ACTIVITY:
The output should match the data below line for line.

DATASET ENTRIES:
•••••

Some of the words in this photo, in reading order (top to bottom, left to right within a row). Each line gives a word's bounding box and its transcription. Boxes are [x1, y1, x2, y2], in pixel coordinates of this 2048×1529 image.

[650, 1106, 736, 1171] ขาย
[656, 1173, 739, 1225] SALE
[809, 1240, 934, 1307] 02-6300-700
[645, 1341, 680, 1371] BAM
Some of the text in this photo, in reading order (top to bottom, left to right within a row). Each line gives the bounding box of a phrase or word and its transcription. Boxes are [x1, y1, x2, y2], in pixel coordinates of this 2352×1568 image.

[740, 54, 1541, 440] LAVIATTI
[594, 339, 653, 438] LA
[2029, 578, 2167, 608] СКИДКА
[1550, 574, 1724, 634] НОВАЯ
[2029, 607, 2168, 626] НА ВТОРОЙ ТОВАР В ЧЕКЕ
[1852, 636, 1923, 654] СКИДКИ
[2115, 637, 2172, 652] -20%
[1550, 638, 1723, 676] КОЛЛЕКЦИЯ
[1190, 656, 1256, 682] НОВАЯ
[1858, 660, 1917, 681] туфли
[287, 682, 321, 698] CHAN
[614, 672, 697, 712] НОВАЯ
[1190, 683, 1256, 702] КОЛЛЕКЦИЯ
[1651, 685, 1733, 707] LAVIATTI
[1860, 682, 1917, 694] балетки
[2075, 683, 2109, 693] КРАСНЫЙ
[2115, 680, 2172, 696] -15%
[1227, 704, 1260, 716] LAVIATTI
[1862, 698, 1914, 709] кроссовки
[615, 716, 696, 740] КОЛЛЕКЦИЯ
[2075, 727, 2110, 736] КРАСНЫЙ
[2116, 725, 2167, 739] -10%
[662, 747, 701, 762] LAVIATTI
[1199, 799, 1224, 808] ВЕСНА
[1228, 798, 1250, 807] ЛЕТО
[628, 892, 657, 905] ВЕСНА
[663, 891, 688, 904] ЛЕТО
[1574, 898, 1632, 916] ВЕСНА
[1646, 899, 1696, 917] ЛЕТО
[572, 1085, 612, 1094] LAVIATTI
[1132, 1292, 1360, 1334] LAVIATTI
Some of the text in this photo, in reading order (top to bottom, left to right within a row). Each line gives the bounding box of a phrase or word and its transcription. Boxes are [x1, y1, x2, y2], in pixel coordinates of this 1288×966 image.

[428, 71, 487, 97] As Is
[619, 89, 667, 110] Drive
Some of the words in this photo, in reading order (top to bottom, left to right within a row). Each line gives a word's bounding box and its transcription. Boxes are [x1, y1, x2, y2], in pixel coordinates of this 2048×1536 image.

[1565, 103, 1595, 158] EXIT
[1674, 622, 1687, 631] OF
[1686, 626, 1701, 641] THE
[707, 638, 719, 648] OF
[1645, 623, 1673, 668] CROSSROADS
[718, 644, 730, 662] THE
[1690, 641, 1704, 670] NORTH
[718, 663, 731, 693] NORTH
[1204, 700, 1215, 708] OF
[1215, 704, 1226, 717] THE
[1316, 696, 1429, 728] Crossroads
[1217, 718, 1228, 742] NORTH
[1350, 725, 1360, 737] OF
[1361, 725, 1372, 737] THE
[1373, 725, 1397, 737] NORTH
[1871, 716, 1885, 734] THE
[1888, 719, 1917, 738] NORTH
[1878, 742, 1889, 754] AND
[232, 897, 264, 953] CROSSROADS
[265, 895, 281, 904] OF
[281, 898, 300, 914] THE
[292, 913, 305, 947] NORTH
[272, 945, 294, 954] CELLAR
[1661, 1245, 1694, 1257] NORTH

•••••

ANSWER FOR THIS EXERCISE:
Some of the words in this photo, in reading order (top to bottom, left to right within a row). Each line gives a word's bounding box and its transcription. Boxes are [x1, y1, x2, y2], in pixel coordinates of this 2048×1529 image.

[650, 1106, 736, 1171] ขาย
[656, 1173, 739, 1225] SALE
[809, 1240, 934, 1307] 02-6300-700
[645, 1341, 680, 1371] BAM
Some of the text in this photo, in reading order (top to bottom, left to right within a row). Each line gives the bounding box of a phrase or word and its transcription. Boxes are [x1, y1, x2, y2], in pixel coordinates of this 2352×1568 image.

[740, 54, 1541, 440] LAVIATTI
[594, 339, 653, 438] LA
[2029, 578, 2167, 608] СКИДКА
[1550, 574, 1724, 634] НОВАЯ
[2029, 607, 2168, 626] НА ВТОРОЙ ТОВАР В ЧЕКЕ
[1852, 636, 1923, 654] СКИДКИ
[2115, 637, 2172, 652] -20%
[1550, 638, 1723, 676] КОЛЛЕКЦИЯ
[1190, 656, 1256, 682] НОВАЯ
[1858, 660, 1917, 681] туфли
[287, 682, 321, 698] CHAN
[614, 672, 697, 712] НОВАЯ
[1190, 683, 1256, 702] КОЛЛЕКЦИЯ
[1651, 685, 1733, 707] LAVIATTI
[1860, 682, 1917, 694] балетки
[2075, 683, 2109, 693] КРАСНЫЙ
[2115, 680, 2172, 696] -15%
[1227, 704, 1260, 716] LAVIATTI
[1862, 698, 1914, 709] кроссовки
[615, 716, 696, 740] КОЛЛЕКЦИЯ
[2075, 727, 2110, 736] КРАСНЫЙ
[2116, 725, 2167, 739] -10%
[662, 747, 701, 762] LAVIATTI
[1199, 799, 1224, 808] ВЕСНА
[1228, 798, 1250, 807] ЛЕТО
[628, 892, 657, 905] ВЕСНА
[663, 891, 688, 904] ЛЕТО
[1574, 898, 1632, 916] ВЕСНА
[1646, 899, 1696, 917] ЛЕТО
[572, 1085, 612, 1094] LAVIATTI
[1132, 1292, 1360, 1334] LAVIATTI
Some of the text in this photo, in reading order (top to bottom, left to right within a row). Each line gives the bounding box of a phrase or word and its transcription. Boxes are [x1, y1, x2, y2], in pixel coordinates of this 1288×966 image.

[428, 71, 487, 97] As Is
[619, 89, 667, 110] Drive
Some of the words in this photo, in reading order (top to bottom, left to right within a row). Each line gives a word's bounding box and its transcription. Boxes are [x1, y1, x2, y2], in pixel coordinates of this 2048×1536 image.

[1565, 103, 1595, 158] EXIT
[1674, 622, 1687, 631] OF
[1686, 626, 1701, 641] THE
[707, 638, 719, 648] OF
[1645, 623, 1673, 668] CROSSROADS
[718, 644, 730, 662] THE
[1690, 641, 1704, 670] NORTH
[718, 663, 731, 693] NORTH
[1204, 700, 1215, 708] OF
[1215, 704, 1226, 717] THE
[1316, 696, 1429, 728] Crossroads
[1217, 718, 1228, 742] NORTH
[1350, 725, 1360, 737] OF
[1361, 725, 1372, 737] THE
[1373, 725, 1397, 737] NORTH
[1871, 716, 1885, 734] THE
[1888, 719, 1917, 738] NORTH
[1878, 742, 1889, 754] AND
[232, 897, 264, 953] CROSSROADS
[265, 895, 281, 904] OF
[281, 898, 300, 914] THE
[292, 913, 305, 947] NORTH
[272, 945, 294, 954] CELLAR
[1661, 1245, 1694, 1257] NORTH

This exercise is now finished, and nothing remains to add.